Today and even more tomorrow, we need a new type of leader able to develop and operate a change in culture for a more ethical and sustainable development; able to create a social legitimacy that is missing desperately to certain companies; capable of managing the tensions between the economic, environmental and social areas; able to handle ethical dilemmas in a multicultural context, and finally, able to act as a committed citizen and participate to the debate on the common good and directions of our future. Responsible Leadership engages the whole person: mind, heart and spirit. This means deploying its intellectual but also emotional and spiritual potential.

Although we know the challenges of leadership of tomorrow, we still know little about how to develop the skills of future leaders.

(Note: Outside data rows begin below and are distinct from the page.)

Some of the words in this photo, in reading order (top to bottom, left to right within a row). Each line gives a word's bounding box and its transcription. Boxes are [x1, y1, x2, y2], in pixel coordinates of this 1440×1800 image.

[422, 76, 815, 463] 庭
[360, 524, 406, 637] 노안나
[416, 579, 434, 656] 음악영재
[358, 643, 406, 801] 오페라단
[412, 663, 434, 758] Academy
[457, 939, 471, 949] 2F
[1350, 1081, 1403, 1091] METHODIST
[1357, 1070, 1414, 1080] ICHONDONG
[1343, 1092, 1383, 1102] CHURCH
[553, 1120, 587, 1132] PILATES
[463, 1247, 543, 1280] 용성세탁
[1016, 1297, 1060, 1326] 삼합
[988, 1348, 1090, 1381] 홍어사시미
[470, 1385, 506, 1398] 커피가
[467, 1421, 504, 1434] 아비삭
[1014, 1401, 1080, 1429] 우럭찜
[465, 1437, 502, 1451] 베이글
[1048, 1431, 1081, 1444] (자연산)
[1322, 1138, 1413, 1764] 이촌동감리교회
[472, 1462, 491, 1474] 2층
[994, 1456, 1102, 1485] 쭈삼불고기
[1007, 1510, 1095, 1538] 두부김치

In this context, we analyze what are the specific skills of a "socially responsible leader" in terms of knowledge, know-how, attitudes and behaviors? How to develop and promote these skills in universities and in developing programs for young talents?

Towards an ethics of embodied and personified finance – the financial sector at the service of citizens ?

Responsible: Mikaël Petitjean

Although necessary, the establishment of codes of ethics and CSR programs in the financial sector is nevertheless largely insufficient. The many excesses and abuses that the financial sector went through since the crisis of "sub primes", clearly demonstrate this.

Banks often speak of ethics and social responsibility in order to improve their image with the public, without seeking to fundamentally change their business culture. The issue is the personified ethics of the bank’s top-manager, his/her determination to reconcile economic performance and human performance and not the disembodied ethics of a "financial group". It is the manager who must lead the ethical approach in the bank. The example must come from the individual and from higher hierarchical levels than from elsewhere.

Faced with such a statement, how can we bring coherence to the strategy of a banking group, its organization and the virtuous behavior of its top-managers? How can we support the management committees in the definition and formalization of a responsible and ethical corporate culture? How do we train the management committees to implement responsible leadership model? How can we support the bank executives to define their personal leadership model consistent with their personality type?